# Task directions:
Exactly repeat the full listing that follows.

# Exercise inputs:
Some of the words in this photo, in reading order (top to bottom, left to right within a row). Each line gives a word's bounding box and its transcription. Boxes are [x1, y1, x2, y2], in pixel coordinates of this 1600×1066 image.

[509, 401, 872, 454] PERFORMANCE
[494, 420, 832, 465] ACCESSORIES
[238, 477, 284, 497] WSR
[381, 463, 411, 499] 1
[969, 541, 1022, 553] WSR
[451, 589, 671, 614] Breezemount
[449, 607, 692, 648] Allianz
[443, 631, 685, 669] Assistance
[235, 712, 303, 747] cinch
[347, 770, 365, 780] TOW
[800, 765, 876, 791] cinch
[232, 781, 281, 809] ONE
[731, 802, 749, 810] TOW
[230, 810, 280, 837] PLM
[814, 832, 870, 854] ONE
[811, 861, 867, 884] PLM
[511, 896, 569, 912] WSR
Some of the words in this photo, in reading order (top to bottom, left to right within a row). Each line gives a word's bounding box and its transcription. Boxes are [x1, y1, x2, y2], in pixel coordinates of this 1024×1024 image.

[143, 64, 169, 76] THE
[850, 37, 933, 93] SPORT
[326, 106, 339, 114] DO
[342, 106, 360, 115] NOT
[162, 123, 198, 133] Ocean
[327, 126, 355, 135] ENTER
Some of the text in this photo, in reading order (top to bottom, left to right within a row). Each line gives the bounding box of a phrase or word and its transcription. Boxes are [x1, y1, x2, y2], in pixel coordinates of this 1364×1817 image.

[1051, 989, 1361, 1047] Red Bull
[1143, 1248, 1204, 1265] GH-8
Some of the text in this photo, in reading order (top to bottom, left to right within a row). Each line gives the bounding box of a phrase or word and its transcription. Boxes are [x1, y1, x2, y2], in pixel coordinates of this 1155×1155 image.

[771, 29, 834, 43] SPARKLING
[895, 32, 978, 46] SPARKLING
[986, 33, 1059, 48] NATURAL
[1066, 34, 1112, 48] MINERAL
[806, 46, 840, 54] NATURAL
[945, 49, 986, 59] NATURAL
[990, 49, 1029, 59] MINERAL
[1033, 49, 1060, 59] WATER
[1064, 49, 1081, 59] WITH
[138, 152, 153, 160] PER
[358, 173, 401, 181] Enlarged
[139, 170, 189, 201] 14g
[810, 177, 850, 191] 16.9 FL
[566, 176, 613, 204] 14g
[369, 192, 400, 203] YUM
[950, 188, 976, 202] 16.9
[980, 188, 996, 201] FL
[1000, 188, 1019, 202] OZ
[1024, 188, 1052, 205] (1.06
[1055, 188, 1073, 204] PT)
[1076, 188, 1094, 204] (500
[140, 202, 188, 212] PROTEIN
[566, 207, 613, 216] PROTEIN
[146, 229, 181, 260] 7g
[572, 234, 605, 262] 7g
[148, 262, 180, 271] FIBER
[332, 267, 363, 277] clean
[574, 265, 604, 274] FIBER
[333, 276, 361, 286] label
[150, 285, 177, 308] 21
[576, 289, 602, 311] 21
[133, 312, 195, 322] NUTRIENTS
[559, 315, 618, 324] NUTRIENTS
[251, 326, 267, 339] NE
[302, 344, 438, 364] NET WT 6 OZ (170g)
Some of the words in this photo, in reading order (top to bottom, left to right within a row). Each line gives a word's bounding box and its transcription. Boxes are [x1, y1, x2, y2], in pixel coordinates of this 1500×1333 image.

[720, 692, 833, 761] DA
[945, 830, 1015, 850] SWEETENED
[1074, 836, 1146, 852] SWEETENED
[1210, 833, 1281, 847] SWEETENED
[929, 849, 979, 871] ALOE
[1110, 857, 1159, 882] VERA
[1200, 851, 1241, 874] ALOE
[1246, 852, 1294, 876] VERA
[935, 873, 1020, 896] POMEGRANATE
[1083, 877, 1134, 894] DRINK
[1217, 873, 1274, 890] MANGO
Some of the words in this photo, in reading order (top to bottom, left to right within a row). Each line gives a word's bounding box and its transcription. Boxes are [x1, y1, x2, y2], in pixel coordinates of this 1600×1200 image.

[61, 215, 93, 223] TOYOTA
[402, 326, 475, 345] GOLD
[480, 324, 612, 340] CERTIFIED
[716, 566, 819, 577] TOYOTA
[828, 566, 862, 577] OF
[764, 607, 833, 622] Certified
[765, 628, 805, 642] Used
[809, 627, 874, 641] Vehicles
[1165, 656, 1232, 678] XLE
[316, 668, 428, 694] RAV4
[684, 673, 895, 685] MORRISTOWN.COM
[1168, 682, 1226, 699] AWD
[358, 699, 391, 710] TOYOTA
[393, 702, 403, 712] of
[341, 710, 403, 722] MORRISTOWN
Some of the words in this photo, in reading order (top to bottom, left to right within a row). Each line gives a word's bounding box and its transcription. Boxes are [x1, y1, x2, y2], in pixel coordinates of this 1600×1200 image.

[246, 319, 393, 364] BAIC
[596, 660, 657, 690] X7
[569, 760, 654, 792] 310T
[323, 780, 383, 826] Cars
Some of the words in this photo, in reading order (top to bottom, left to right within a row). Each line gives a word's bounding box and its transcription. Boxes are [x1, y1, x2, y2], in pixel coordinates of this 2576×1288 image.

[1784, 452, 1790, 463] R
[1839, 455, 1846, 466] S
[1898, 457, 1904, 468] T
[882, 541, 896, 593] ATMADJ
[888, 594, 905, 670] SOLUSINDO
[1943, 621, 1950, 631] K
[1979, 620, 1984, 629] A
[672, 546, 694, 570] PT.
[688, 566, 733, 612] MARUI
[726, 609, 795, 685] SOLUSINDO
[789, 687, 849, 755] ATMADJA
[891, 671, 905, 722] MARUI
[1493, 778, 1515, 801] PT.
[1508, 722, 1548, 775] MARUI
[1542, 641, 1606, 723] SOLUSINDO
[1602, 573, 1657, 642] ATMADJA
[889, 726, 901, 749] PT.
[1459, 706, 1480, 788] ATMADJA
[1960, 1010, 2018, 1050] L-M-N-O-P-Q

# Output for this task:
Some of the words in this photo, in reading order (top to bottom, left to right within a row). Each line gives a word's bounding box and its transcription. Boxes are [x1, y1, x2, y2], in pixel coordinates of this 1600×1066 image.

[509, 401, 872, 454] PERFORMANCE
[494, 420, 832, 465] ACCESSORIES
[238, 477, 284, 497] WSR
[381, 463, 411, 499] 1
[969, 541, 1022, 553] WSR
[451, 589, 671, 614] Breezemount
[449, 607, 692, 648] Allianz
[443, 631, 685, 669] Assistance
[235, 712, 303, 747] cinch
[347, 770, 365, 780] TOW
[800, 765, 876, 791] cinch
[232, 781, 281, 809] ONE
[731, 802, 749, 810] TOW
[230, 810, 280, 837] PLM
[814, 832, 870, 854] ONE
[811, 861, 867, 884] PLM
[511, 896, 569, 912] WSR
Some of the words in this photo, in reading order (top to bottom, left to right within a row). Each line gives a word's bounding box and its transcription. Boxes are [x1, y1, x2, y2], in pixel coordinates of this 1024×1024 image.

[143, 64, 169, 76] THE
[850, 37, 933, 93] SPORT
[326, 106, 339, 114] DO
[342, 106, 360, 115] NOT
[162, 123, 198, 133] Ocean
[327, 126, 355, 135] ENTER
Some of the text in this photo, in reading order (top to bottom, left to right within a row). Each line gives the bounding box of a phrase or word and its transcription. Boxes are [x1, y1, x2, y2], in pixel coordinates of this 1364×1817 image.

[1051, 989, 1361, 1047] Red Bull
[1143, 1248, 1204, 1265] GH-8
Some of the text in this photo, in reading order (top to bottom, left to right within a row). Each line gives the bounding box of a phrase or word and its transcription. Boxes are [x1, y1, x2, y2], in pixel coordinates of this 1155×1155 image.

[771, 29, 834, 43] SPARKLING
[895, 32, 978, 46] SPARKLING
[986, 33, 1059, 48] NATURAL
[1066, 34, 1112, 48] MINERAL
[806, 46, 840, 54] NATURAL
[945, 49, 986, 59] NATURAL
[990, 49, 1029, 59] MINERAL
[1033, 49, 1060, 59] WATER
[1064, 49, 1081, 59] WITH
[138, 152, 153, 160] PER
[358, 173, 401, 181] Enlarged
[139, 170, 189, 201] 14g
[810, 177, 850, 191] 16.9 FL
[566, 176, 613, 204] 14g
[369, 192, 400, 203] YUM
[950, 188, 976, 202] 16.9
[980, 188, 996, 201] FL
[1000, 188, 1019, 202] OZ
[1024, 188, 1052, 205] (1.06
[1055, 188, 1073, 204] PT)
[1076, 188, 1094, 204] (500
[140, 202, 188, 212] PROTEIN
[566, 207, 613, 216] PROTEIN
[146, 229, 181, 260] 7g
[572, 234, 605, 262] 7g
[148, 262, 180, 271] FIBER
[332, 267, 363, 277] clean
[574, 265, 604, 274] FIBER
[333, 276, 361, 286] label
[150, 285, 177, 308] 21
[576, 289, 602, 311] 21
[133, 312, 195, 322] NUTRIENTS
[559, 315, 618, 324] NUTRIENTS
[251, 326, 267, 339] NE
[302, 344, 438, 364] NET WT 6 OZ (170g)
Some of the words in this photo, in reading order (top to bottom, left to right within a row). Each line gives a word's bounding box and its transcription. Boxes are [x1, y1, x2, y2], in pixel coordinates of this 1500×1333 image.

[720, 692, 833, 761] DA
[945, 830, 1015, 850] SWEETENED
[1074, 836, 1146, 852] SWEETENED
[1210, 833, 1281, 847] SWEETENED
[929, 849, 979, 871] ALOE
[1110, 857, 1159, 882] VERA
[1200, 851, 1241, 874] ALOE
[1246, 852, 1294, 876] VERA
[935, 873, 1020, 896] POMEGRANATE
[1083, 877, 1134, 894] DRINK
[1217, 873, 1274, 890] MANGO
Some of the words in this photo, in reading order (top to bottom, left to right within a row). Each line gives a word's bounding box and its transcription. Boxes are [x1, y1, x2, y2], in pixel coordinates of this 1600×1200 image.

[61, 215, 93, 223] TOYOTA
[402, 326, 475, 345] GOLD
[480, 324, 612, 340] CERTIFIED
[716, 566, 819, 577] TOYOTA
[828, 566, 862, 577] OF
[764, 607, 833, 622] Certified
[765, 628, 805, 642] Used
[809, 627, 874, 641] Vehicles
[1165, 656, 1232, 678] XLE
[316, 668, 428, 694] RAV4
[684, 673, 895, 685] MORRISTOWN.COM
[1168, 682, 1226, 699] AWD
[358, 699, 391, 710] TOYOTA
[393, 702, 403, 712] of
[341, 710, 403, 722] MORRISTOWN
Some of the words in this photo, in reading order (top to bottom, left to right within a row). Each line gives a word's bounding box and its transcription. Boxes are [x1, y1, x2, y2], in pixel coordinates of this 1600×1200 image.

[246, 319, 393, 364] BAIC
[596, 660, 657, 690] X7
[569, 760, 654, 792] 310T
[323, 780, 383, 826] Cars
Some of the words in this photo, in reading order (top to bottom, left to right within a row). Each line gives a word's bounding box and its transcription. Boxes are [x1, y1, x2, y2], in pixel coordinates of this 2576×1288 image.

[1784, 452, 1790, 463] R
[1839, 455, 1846, 466] S
[1898, 457, 1904, 468] T
[882, 541, 896, 593] ATMADJ
[888, 594, 905, 670] SOLUSINDO
[1943, 621, 1950, 631] K
[1979, 620, 1984, 629] A
[672, 546, 694, 570] PT.
[688, 566, 733, 612] MARUI
[726, 609, 795, 685] SOLUSINDO
[789, 687, 849, 755] ATMADJA
[891, 671, 905, 722] MARUI
[1493, 778, 1515, 801] PT.
[1508, 722, 1548, 775] MARUI
[1542, 641, 1606, 723] SOLUSINDO
[1602, 573, 1657, 642] ATMADJA
[889, 726, 901, 749] PT.
[1459, 706, 1480, 788] ATMADJA
[1960, 1010, 2018, 1050] L-M-N-O-P-Q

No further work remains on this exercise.